Il private equity, in alcuni casi, può essere utile, soprattutto quando si vuole accelerare la crescita o si hanno obiettivi chiari e a breve termine.
«Sì. Ma il mercato dei capitali offre una prospettiva diversa: più sostenibile, con una visione di lungo periodo. Il private equity spinge per crescite rapide, con l’inevitabile pressione dei rendimenti e dei tempi di uscita, mentre un’impresa ha spesso bisogno di tempo, visione e pazienza».
Ma il problema resta quello di un mercato dei capitali italiano troppo piccolo e dominato da aziende a matrice familiare, che atterrano con un flottante spesso limitato, rendendole illiquide e poco valorizzate.
«Per creare un mercato più solido ed efficace, servono interventi mirati. Il primo aspetto riguarda il flottante: oggi molte aziende si quotano con un flottante del 20%, ma servirebbe portarlo al 30-35% per garantire una maggiore liquidità. Il secondo tema è quello di un mercato accessibile anche per aziende con una market cap più bassa, intorno ai 200 milioni di euro. Incentivando l’azionariato diffuso, si creerebbe un effetto domino: prima arrivano gli investitori retail, poi quelli istituzionali, e il mercato cresce. Infine, servirebbero incentivi fiscali più incisivi. Oggi, per le Pmi innovative, il 30% degli investimenti è deducibile: perché non estendere questo beneficio anche alle società quotate con investimenti sotto i 300 mila euro?».
Siete la terza banca private del Paese. Entro giugno presenterete un nuovo piano strategico. Quali saranno le linee guida?
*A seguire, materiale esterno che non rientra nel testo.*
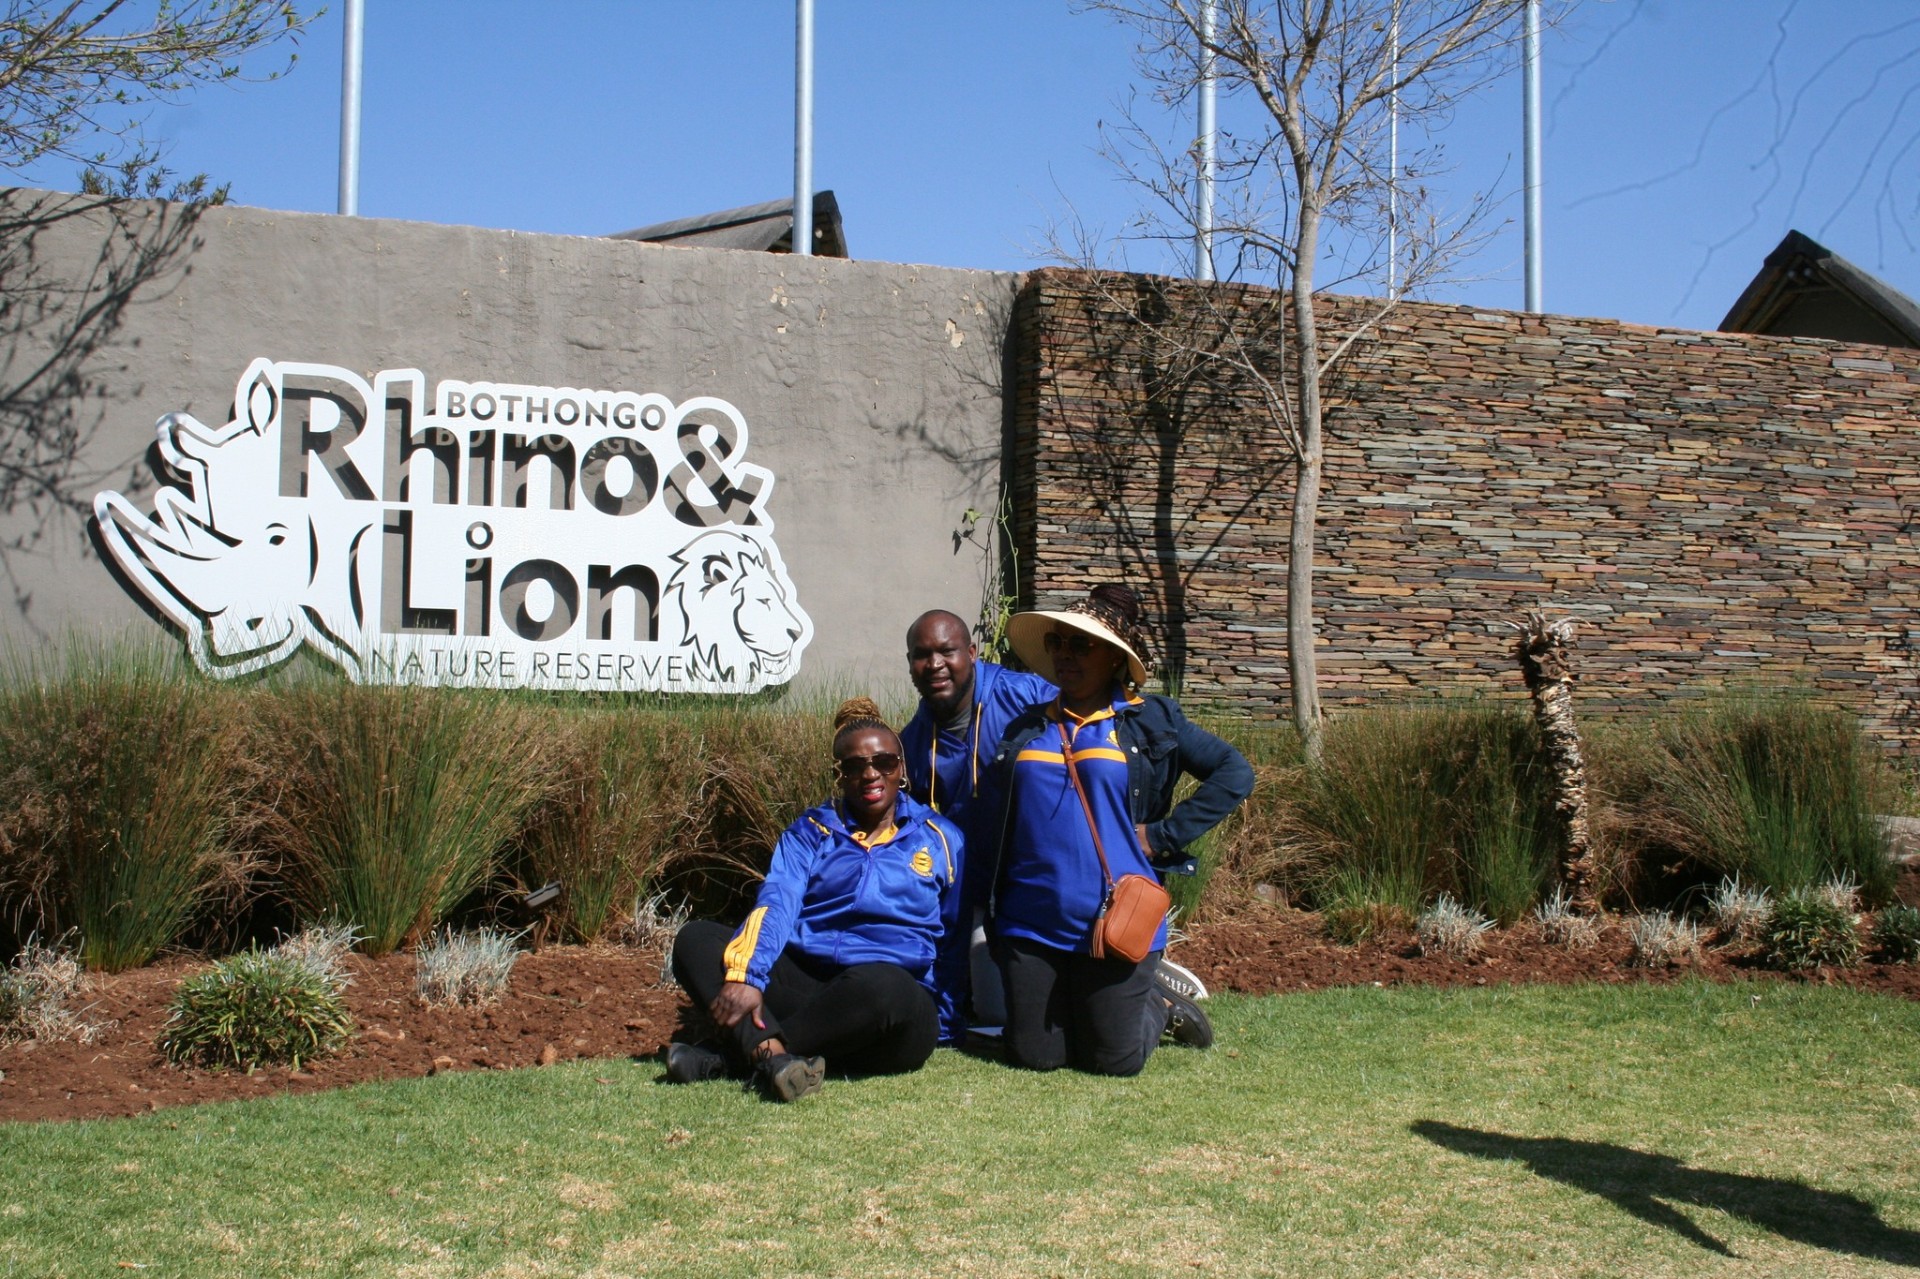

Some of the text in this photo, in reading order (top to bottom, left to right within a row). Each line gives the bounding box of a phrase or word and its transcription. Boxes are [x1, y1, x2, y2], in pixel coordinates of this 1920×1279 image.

[278, 373, 765, 527] Rhino &
[447, 391, 666, 431] BOTHONGO
[381, 509, 660, 642] Lion
[371, 649, 683, 682] NATURE RESERVE
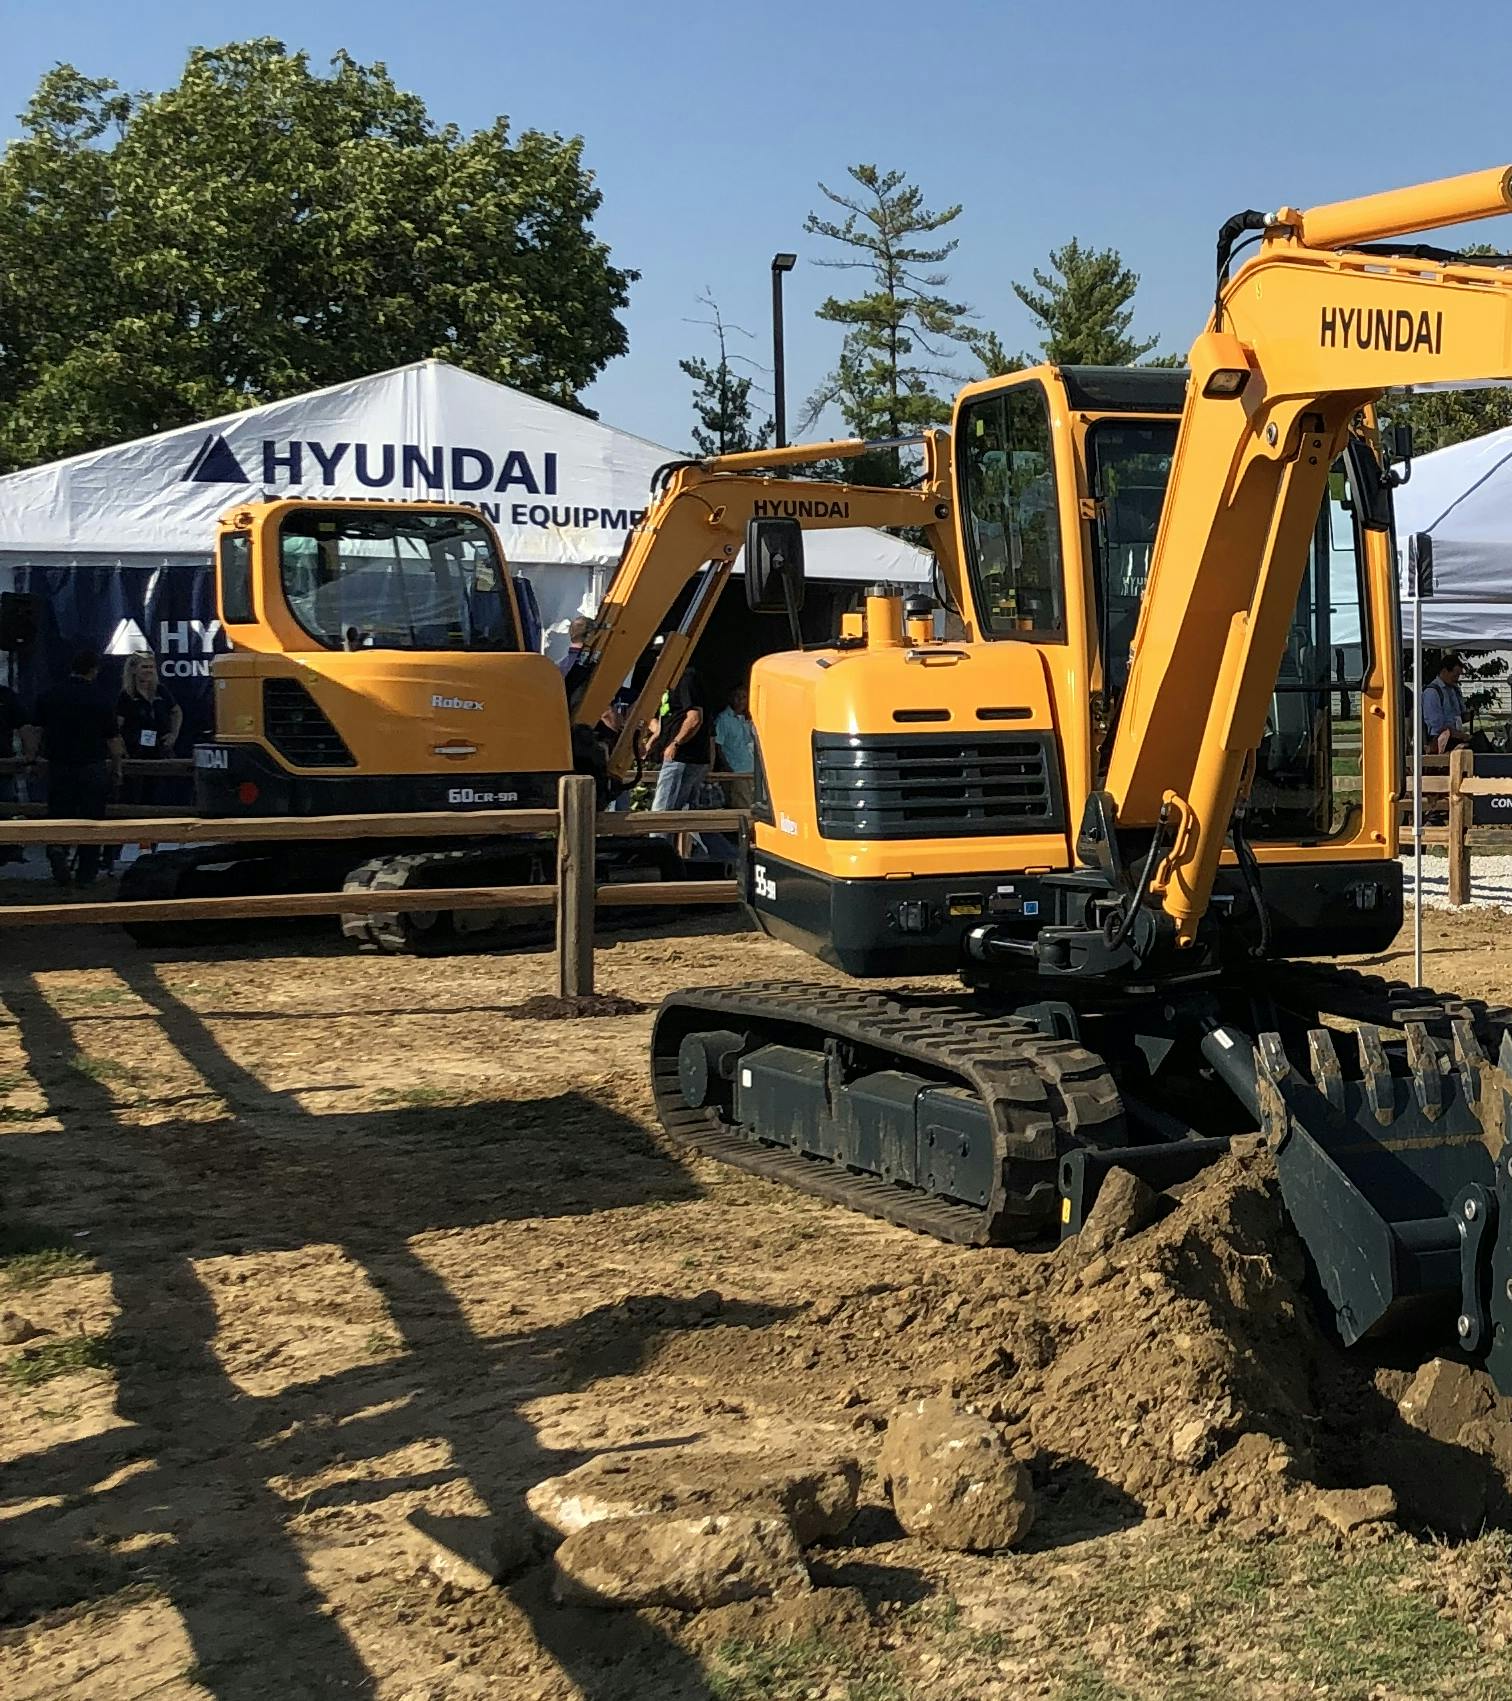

«Il focus sarà consolidare la crescita e garantire una remunerazione adeguata agli azionisti. Abbiamo adottato una strategia che ci ha permesso di crescere senza un eccessivo impiego di capitale, garantendo al tempo stesso una distribuzione significativa di dividendi, a livello cumulato circa 1 miliardo nell’arco dell’ultimo piano».